We’re staying in Grassington, Yorkshire. I saw somewhere it was called the “Swiss Alps of England”.  I can get the sense of that. No snow-capped peaks and Matterhorns, but the Dales are pure and English and brimming with grand vistas. There are enough walking paths to satisfy the Swiss Alpine Club, the Sierra Club, the Adirondack Mountain Club and the odd afternoons when the Grassington Horticulture Society has run out of gardens to visit.

Today was the first day that I felt like taking a walk. We’d been traveling a great deal and travel, as we know, is broadening, but also very tiring for a guy who just turned 71 years old. So, we chose a very short walk from the town center to a small church at Linton Falls.
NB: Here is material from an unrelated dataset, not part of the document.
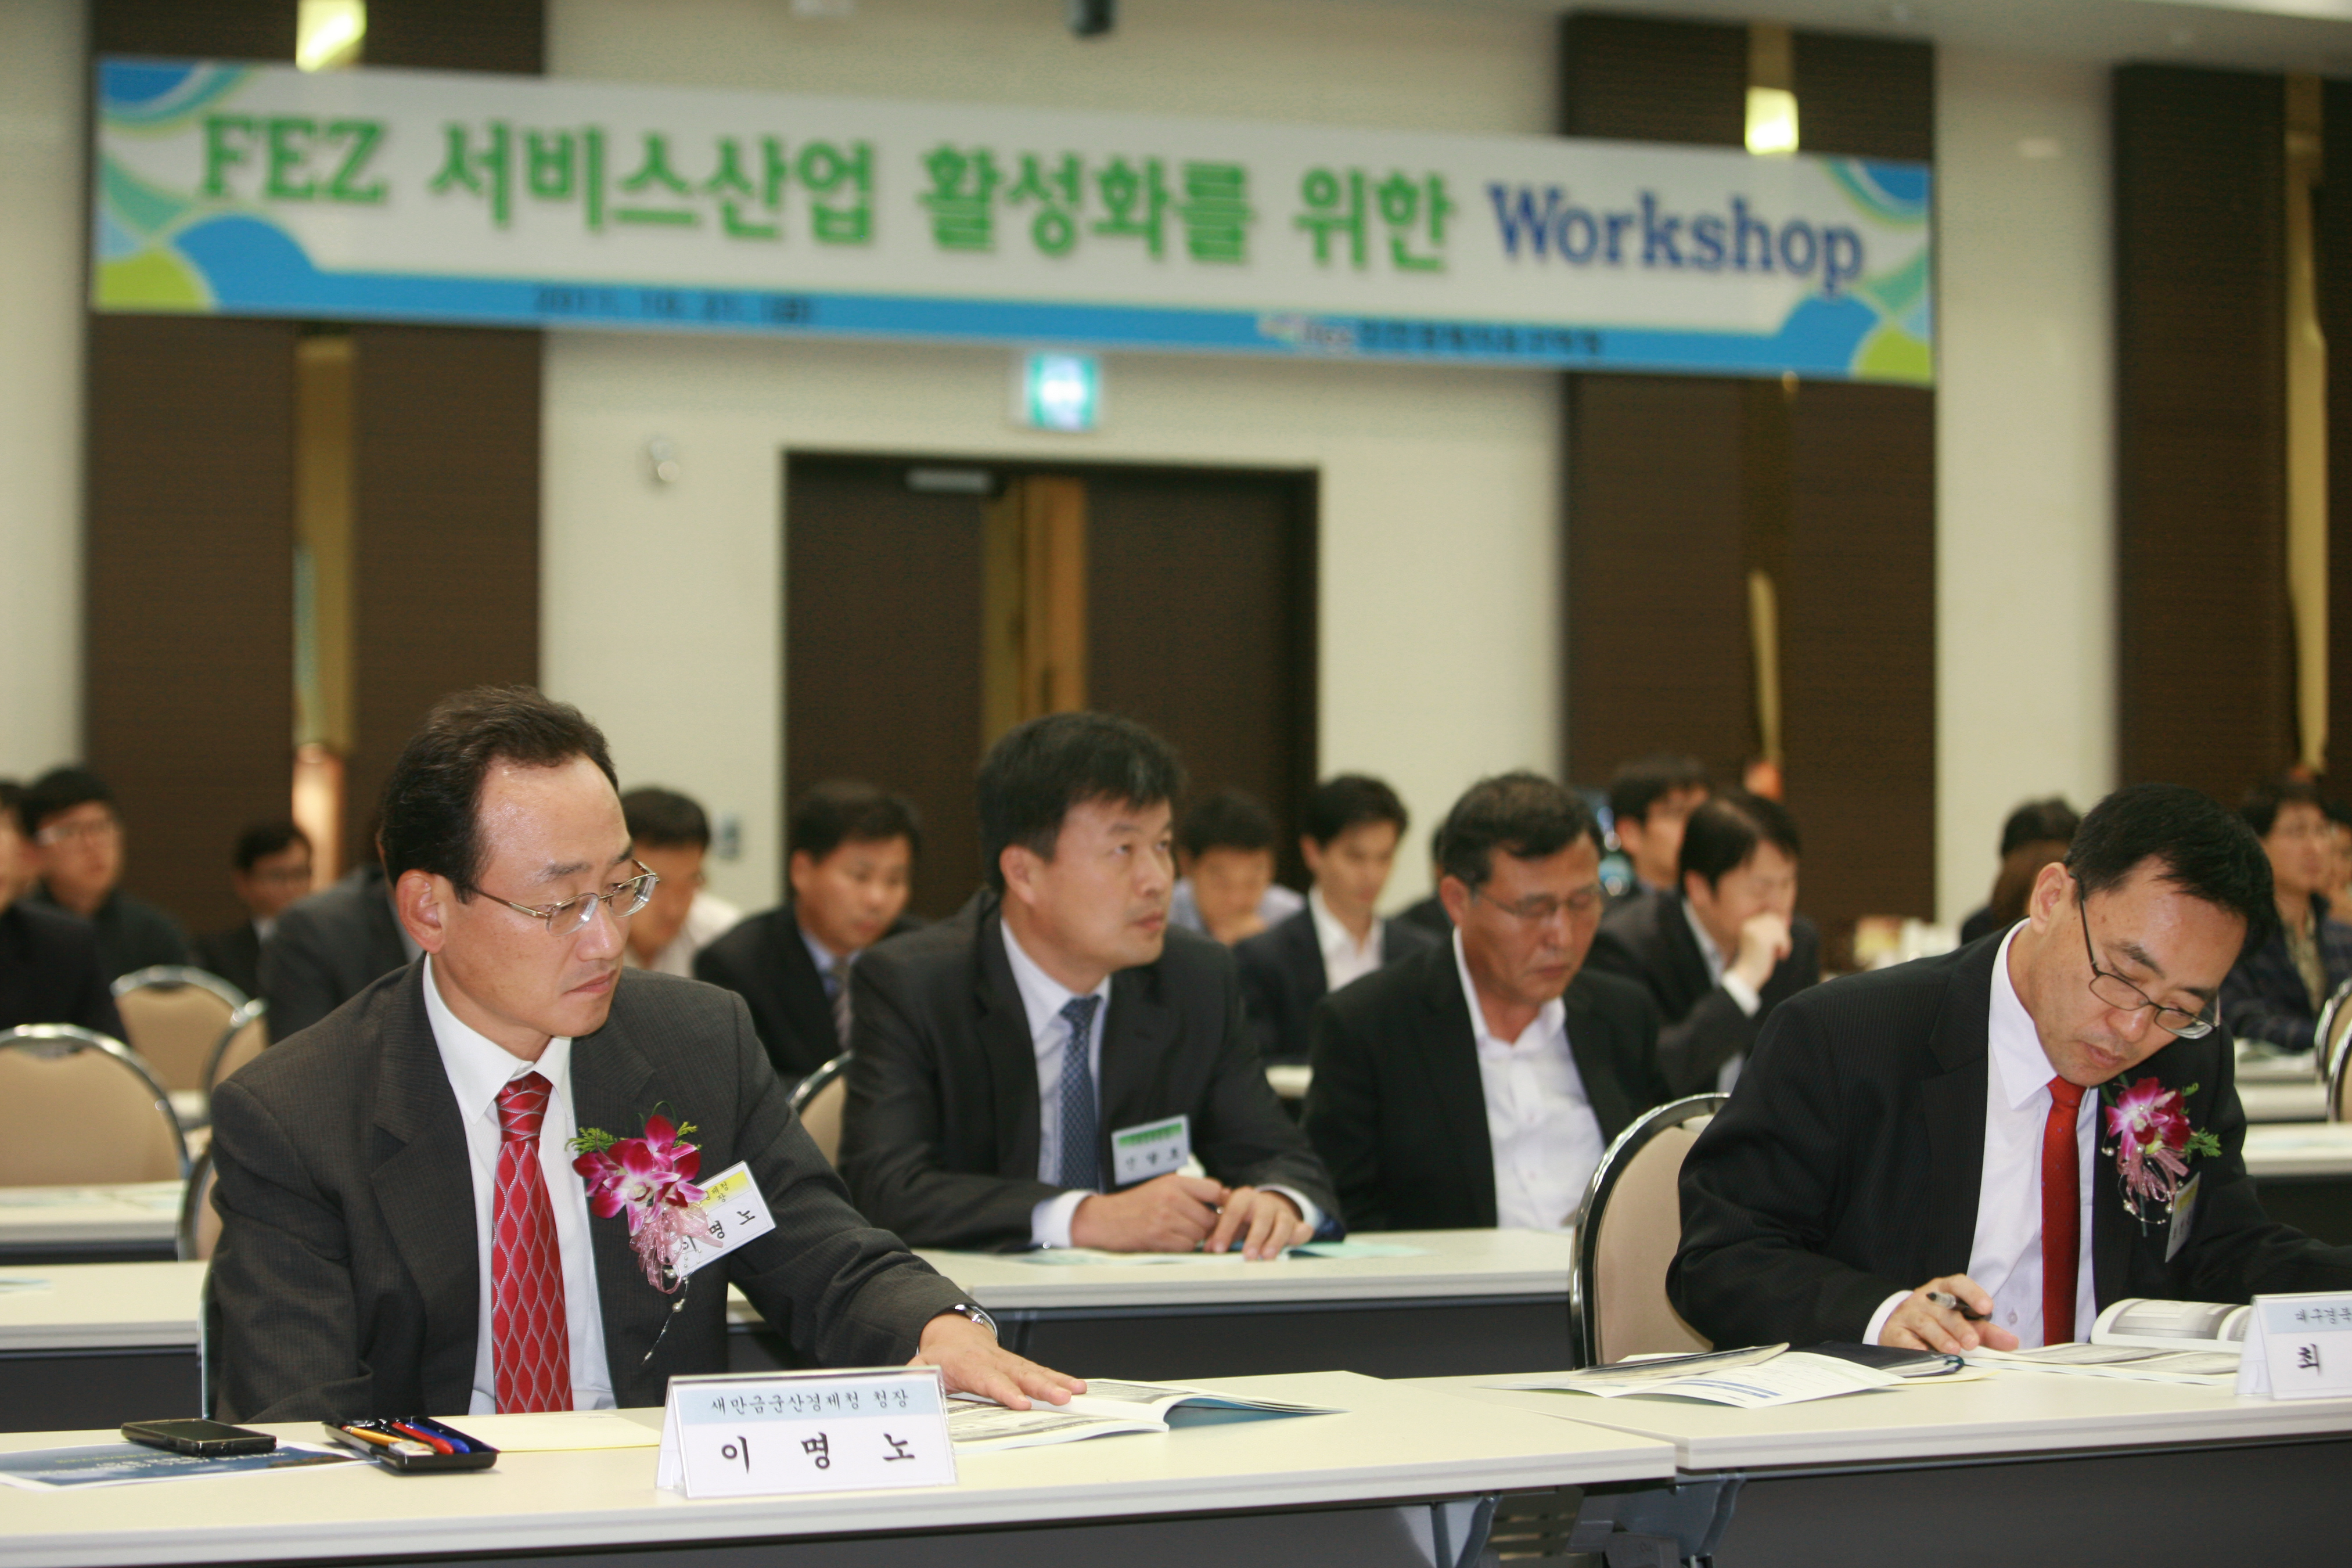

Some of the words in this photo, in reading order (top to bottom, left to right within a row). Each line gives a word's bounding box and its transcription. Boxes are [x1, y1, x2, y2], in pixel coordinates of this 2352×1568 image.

The entire hike was a bit over a mile.

But, I got my scenic jolt among the stone walls, the fields of sheep and the church at the end of the walk.

[Yes, that’s me.]

We found the small church and spent some time inside studying the Norman columns and arches. There was a Norman baptismal font. A few crypts were on the floor of the nave. One man died in 1665. Only his initials were given.

[St. Michael’s of Linton]

Then, after sitting in quiet contemplation for a short time…I noticed the window.

It was really a place that I would call a ‘prayer alcove’.

[The prayer window/alcove]

There was a small pad of paper. A pencil. A few prayer cards, some stick pins and two cork boards.

I took a moment to read a few prayer requests. After the second one, I felt an unexpected sorrow and pity for the person who wrote it. I’m assuming it was a woman…but I’ll never know. It was a simple note, not even a real request. Just a simple statement which read:

A good friend who’s husband is poorly.

 

[Another part of the prayer board.]

The word ‘poorly’ hinted to me that it was a British person who wrote this. As usual I began to wonder where she lived, who was her friend? How poorly was he? She clearly felt desperate and desolate enough to go to a remote church and post this humble note. Did she light a candle at Salisbury Cathedral?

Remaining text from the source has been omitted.